----- EXTRACTED MATERIAL -----
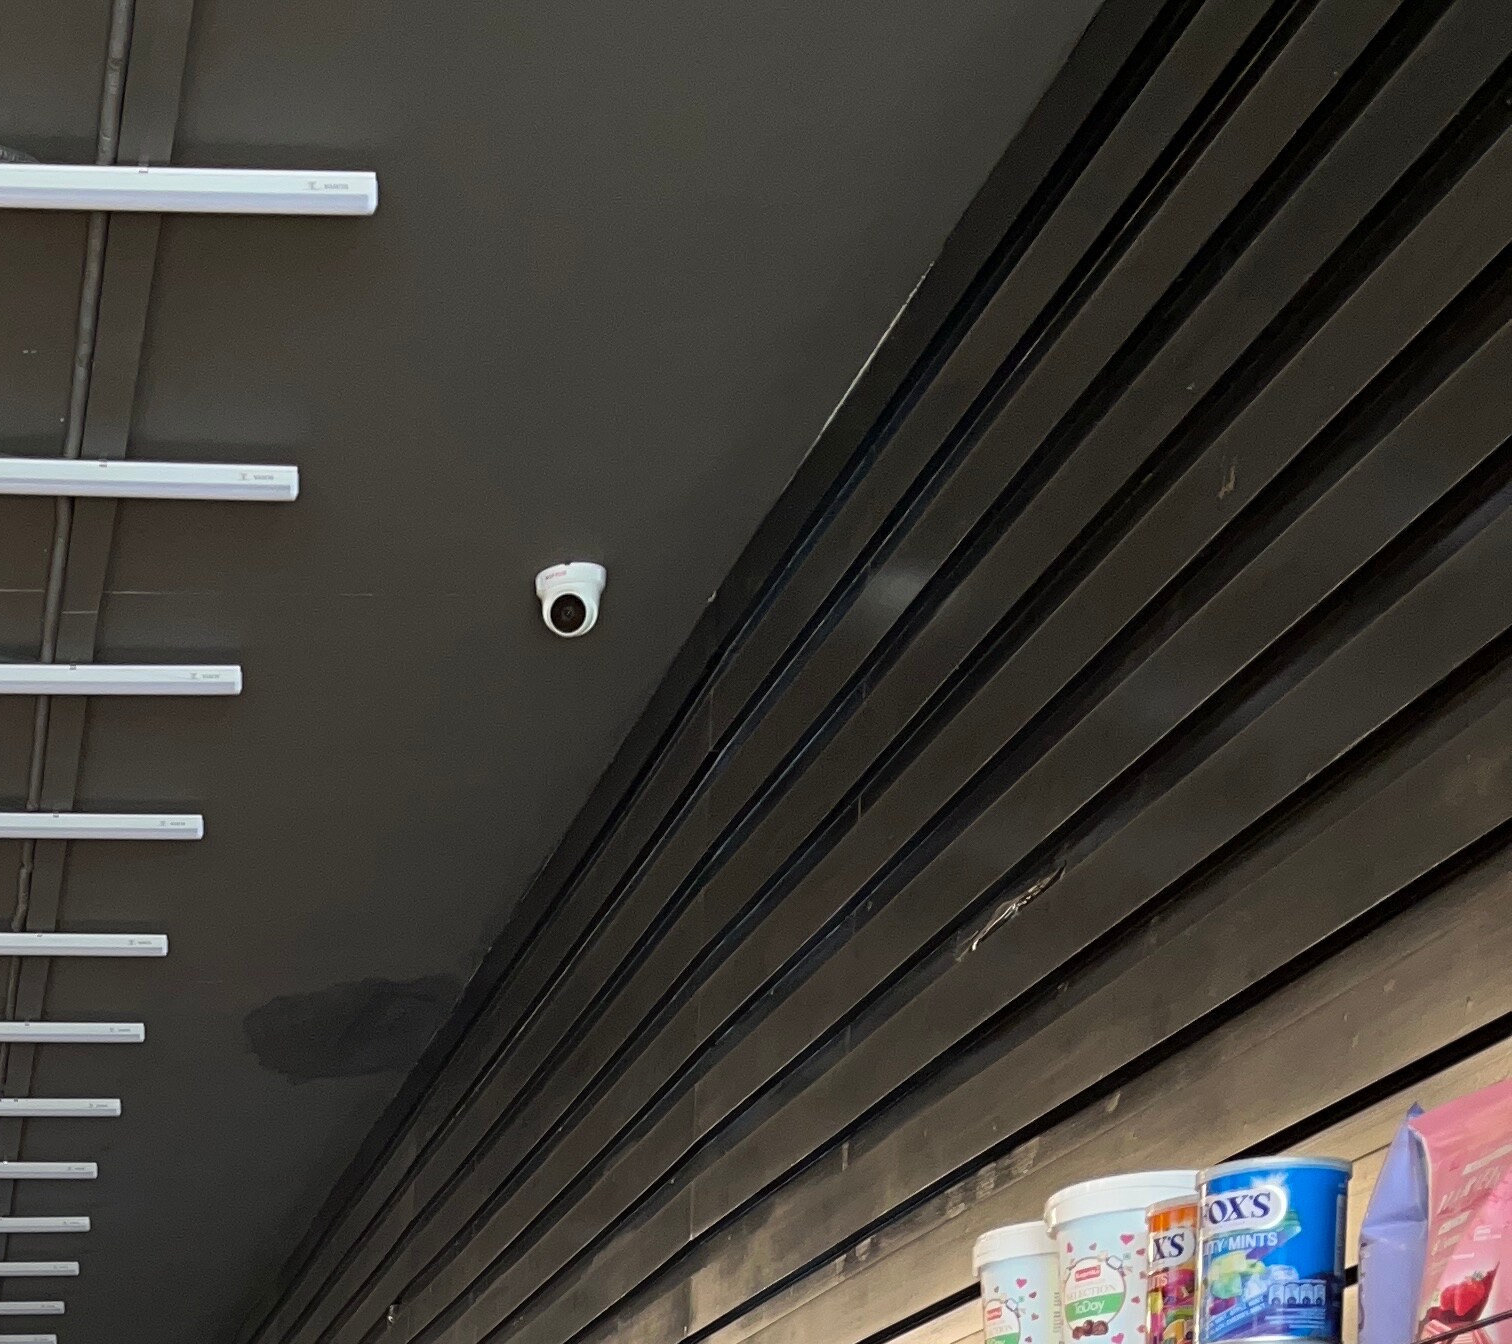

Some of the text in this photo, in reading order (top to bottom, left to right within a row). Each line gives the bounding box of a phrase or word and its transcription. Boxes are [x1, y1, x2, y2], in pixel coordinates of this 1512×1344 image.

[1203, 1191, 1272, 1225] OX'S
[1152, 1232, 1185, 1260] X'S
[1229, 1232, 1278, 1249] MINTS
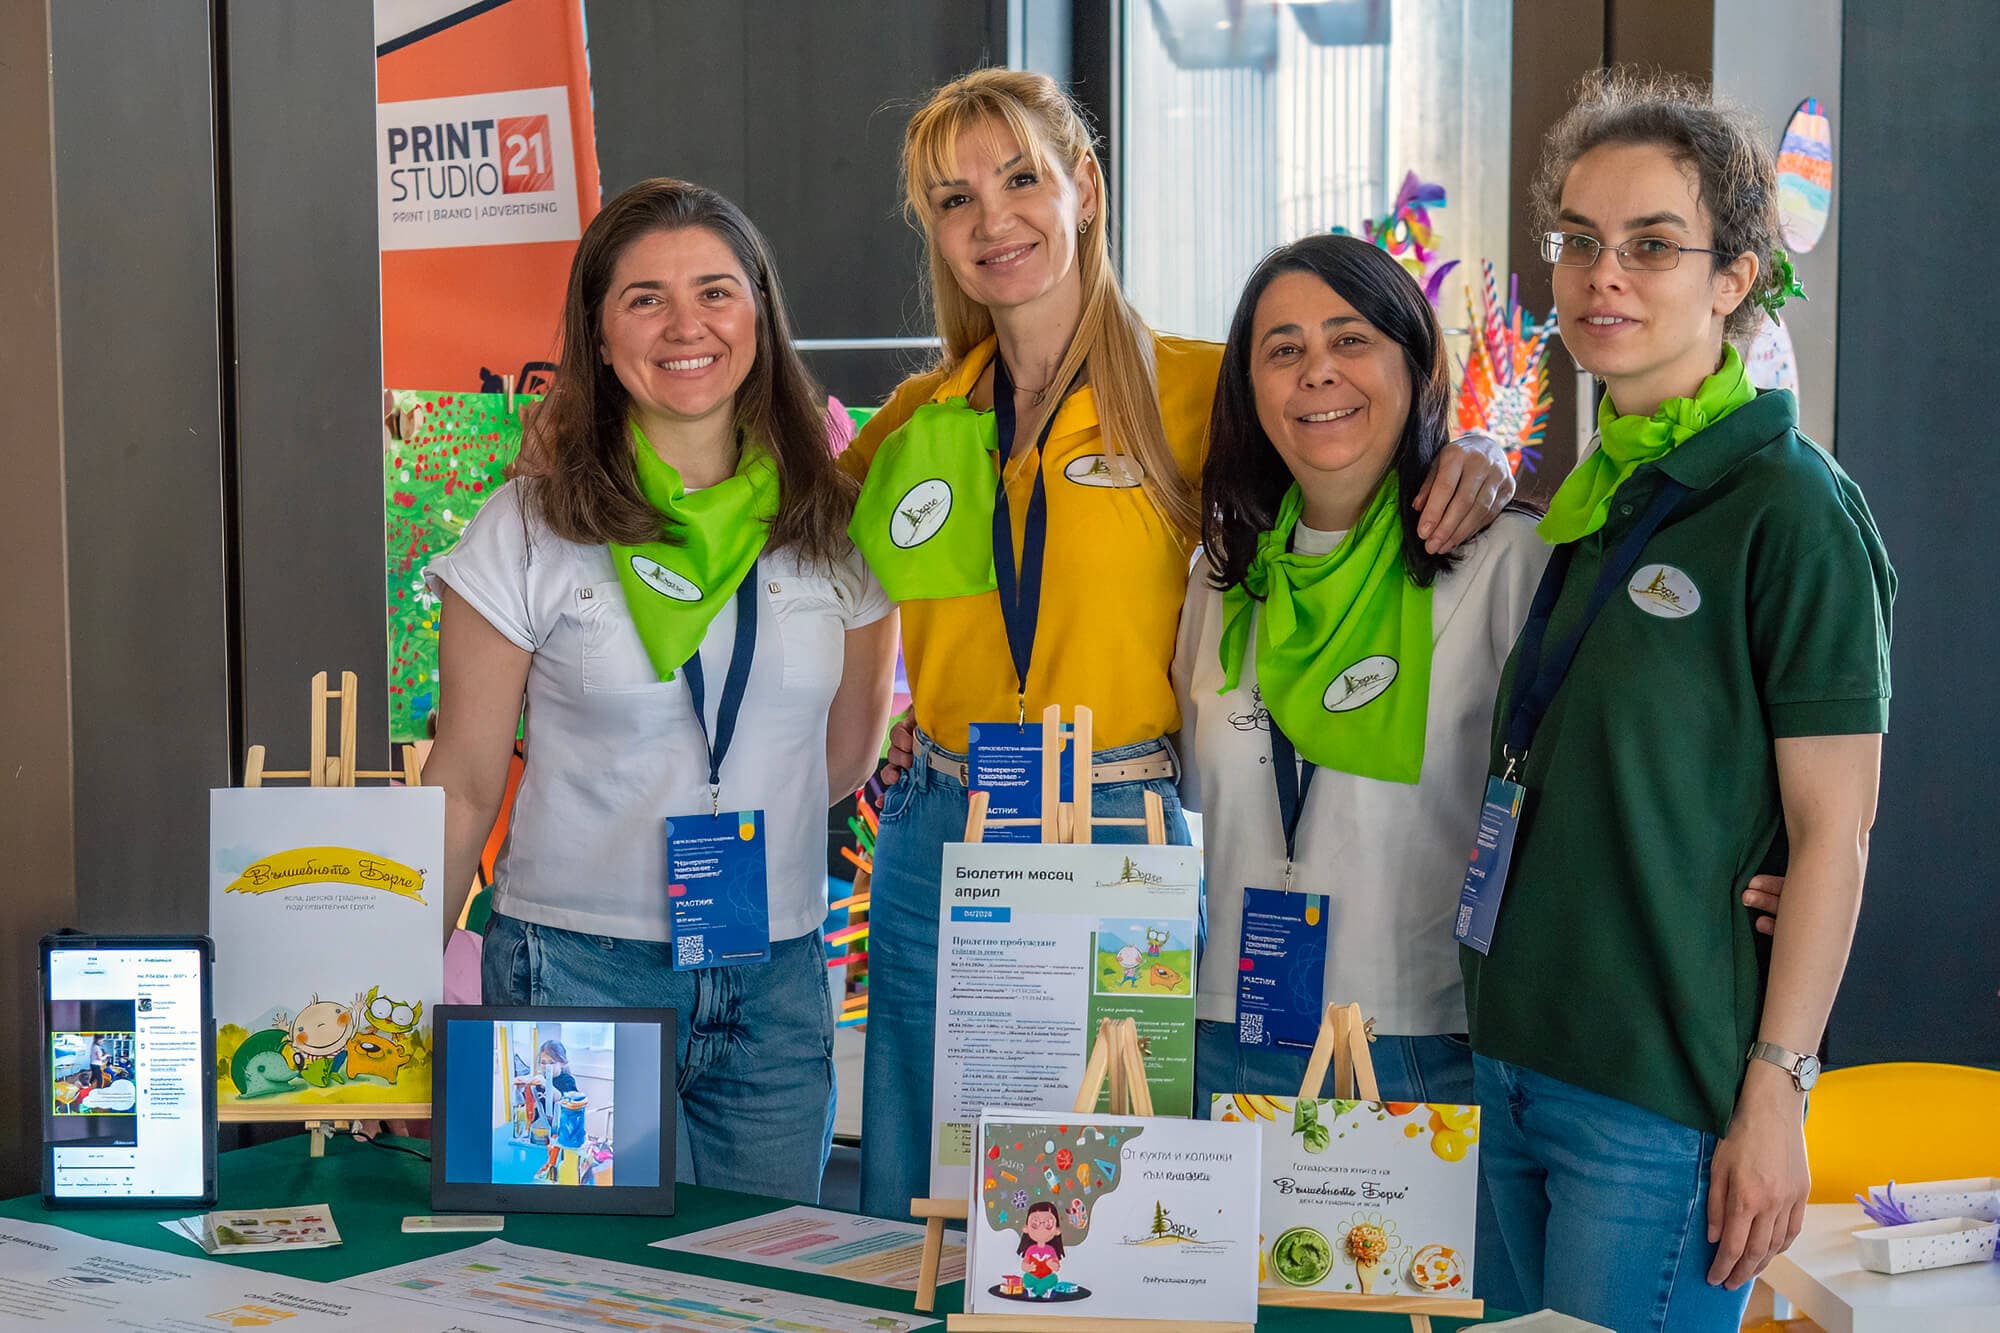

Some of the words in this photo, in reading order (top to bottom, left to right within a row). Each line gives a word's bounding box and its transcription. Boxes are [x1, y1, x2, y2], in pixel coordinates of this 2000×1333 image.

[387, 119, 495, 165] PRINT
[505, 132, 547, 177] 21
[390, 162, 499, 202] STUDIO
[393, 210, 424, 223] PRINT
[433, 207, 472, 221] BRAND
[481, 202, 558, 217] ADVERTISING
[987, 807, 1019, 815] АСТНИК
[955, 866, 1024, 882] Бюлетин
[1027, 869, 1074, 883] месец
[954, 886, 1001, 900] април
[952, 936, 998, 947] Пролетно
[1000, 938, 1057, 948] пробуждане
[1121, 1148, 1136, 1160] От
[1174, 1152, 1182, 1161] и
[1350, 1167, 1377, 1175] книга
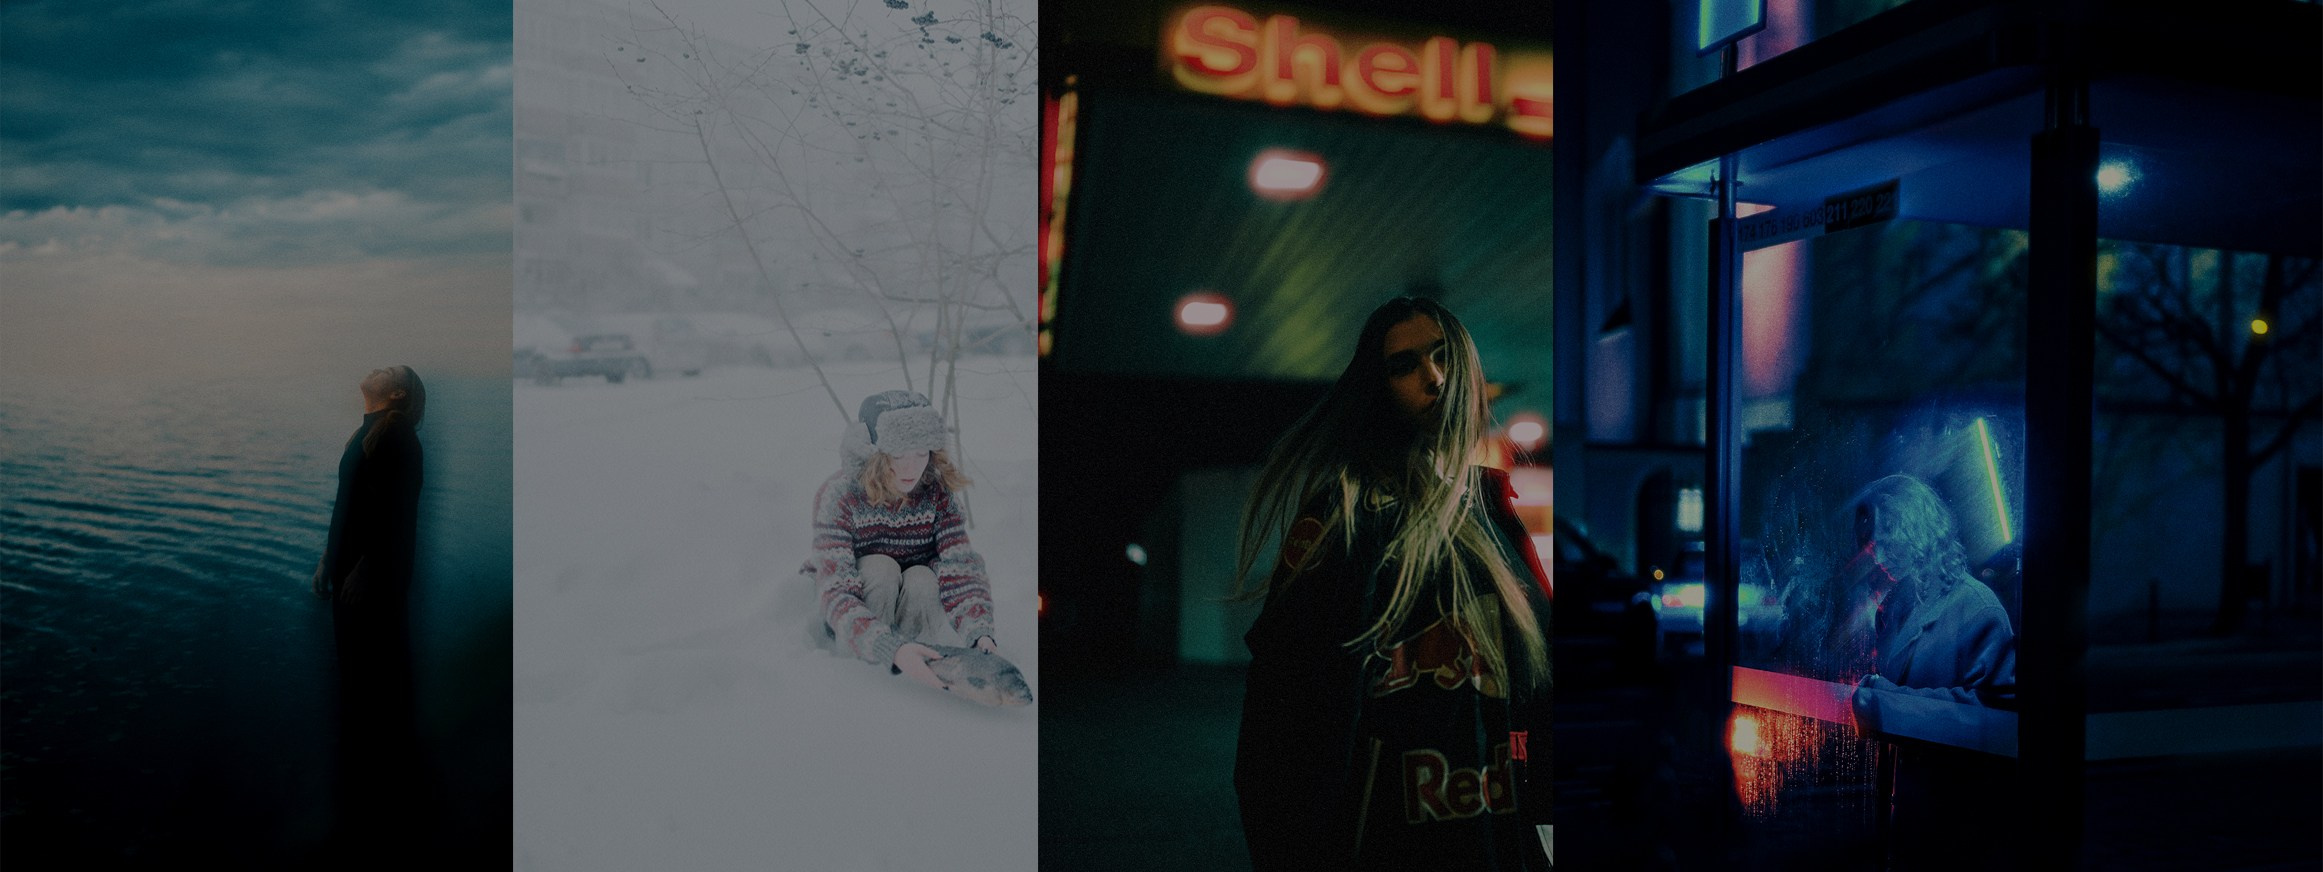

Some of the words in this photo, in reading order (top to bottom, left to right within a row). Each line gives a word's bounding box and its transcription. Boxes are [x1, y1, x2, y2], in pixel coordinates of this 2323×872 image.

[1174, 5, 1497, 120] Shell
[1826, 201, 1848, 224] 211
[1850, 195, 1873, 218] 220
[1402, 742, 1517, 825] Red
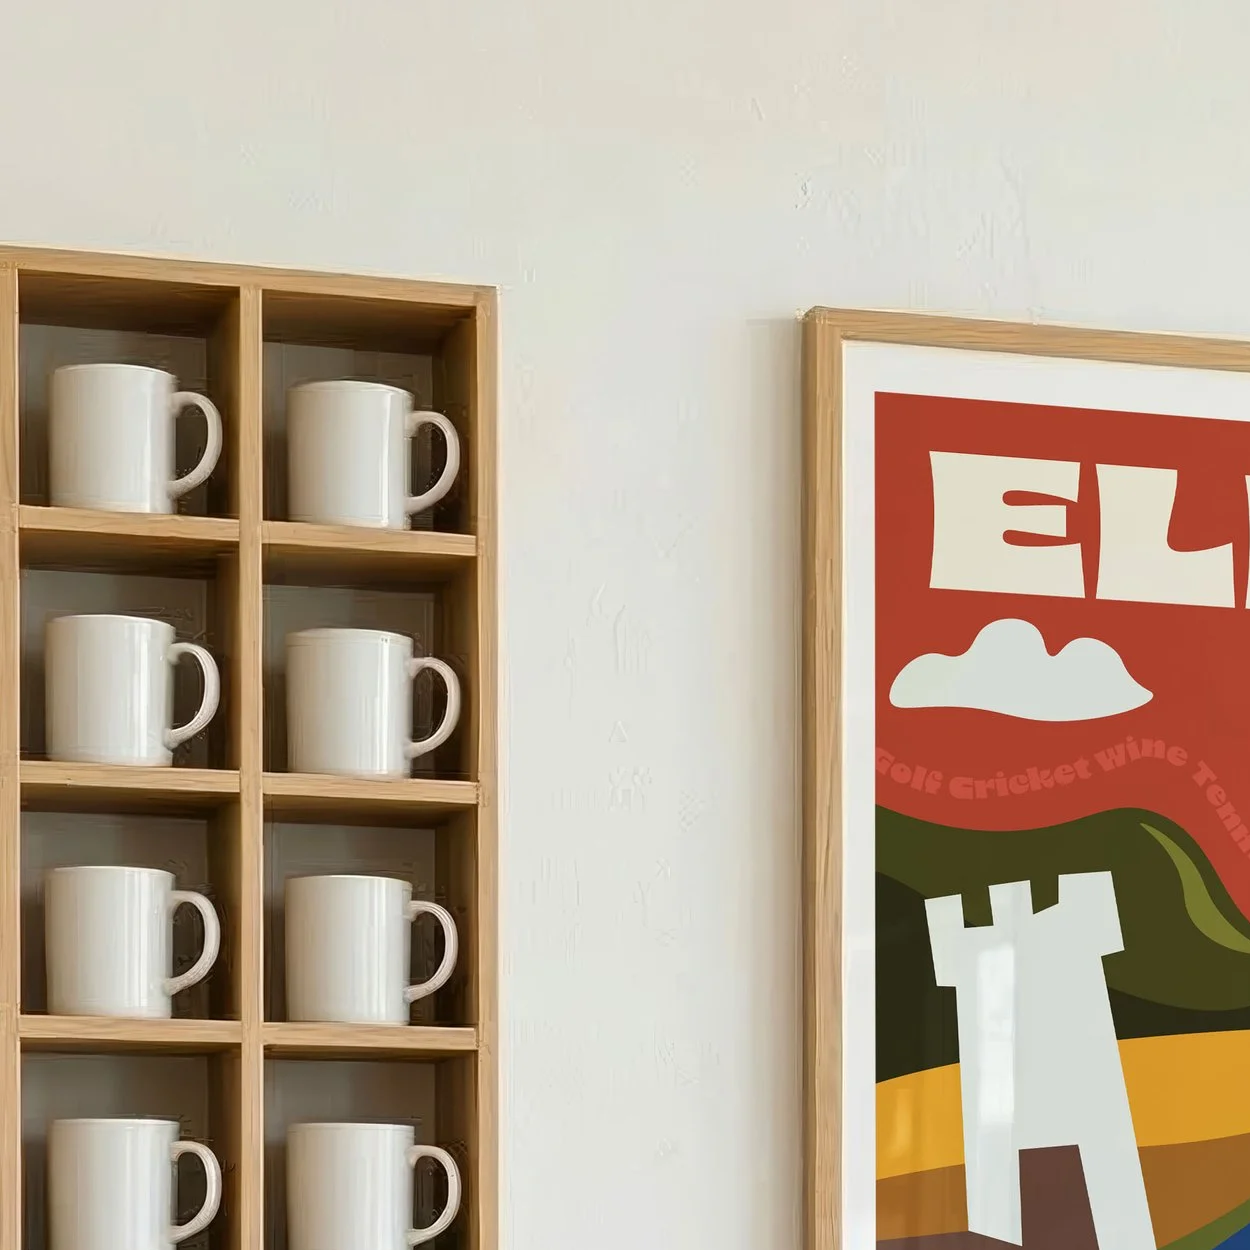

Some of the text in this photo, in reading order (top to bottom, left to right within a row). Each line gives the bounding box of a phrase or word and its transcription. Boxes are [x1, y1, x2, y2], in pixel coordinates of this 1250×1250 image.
-----
WHAT YOU SHOULD DO:
Please transcribe the listing above verbatim and exclude every picture.

SOLUTION BELOW:
Some of the text in this photo, in reading order (top to bottom, left to right within a row). Each line gives the bounding box of a phrase or word and its transcription. Boxes are [x1, y1, x2, y2], in pixel coordinates of this 1512×1344 image.

[1203, 1191, 1272, 1225] OX'S
[1152, 1232, 1185, 1260] X'S
[1229, 1232, 1278, 1249] MINTS

Some of the words in this photo, in reading order (top to bottom, left to right within a row). Each line gives a word's bounding box and its transcription. Boxes are [x1, y1, x2, y2], in pixel coordinates of this 2000×1333 image.

[387, 119, 495, 165] PRINT
[505, 132, 547, 177] 21
[390, 162, 499, 202] STUDIO
[393, 210, 424, 223] PRINT
[433, 207, 472, 221] BRAND
[481, 202, 558, 217] ADVERTISING
[987, 807, 1019, 815] АСТНИК
[955, 866, 1024, 882] Бюлетин
[1027, 869, 1074, 883] месец
[954, 886, 1001, 900] април
[952, 936, 998, 947] Пролетно
[1000, 938, 1057, 948] пробуждане
[1121, 1148, 1136, 1160] От
[1174, 1152, 1182, 1161] и
[1350, 1167, 1377, 1175] книга

Some of the words in this photo, in reading order (top to bottom, left to right within a row). Each line gives a word's bounding box and its transcription. Boxes are [x1, y1, x2, y2], in pixel coordinates of this 2323×872 image.

[1174, 5, 1497, 120] Shell
[1826, 201, 1848, 224] 211
[1850, 195, 1873, 218] 220
[1402, 742, 1517, 825] Red

Some of the text in this photo, in reading order (top to bottom, left to right within a row). Each line gives the bounding box of a phrase or word and its transcription. Boxes are [x1, y1, x2, y2], in pixel coordinates of this 1250×1250 image.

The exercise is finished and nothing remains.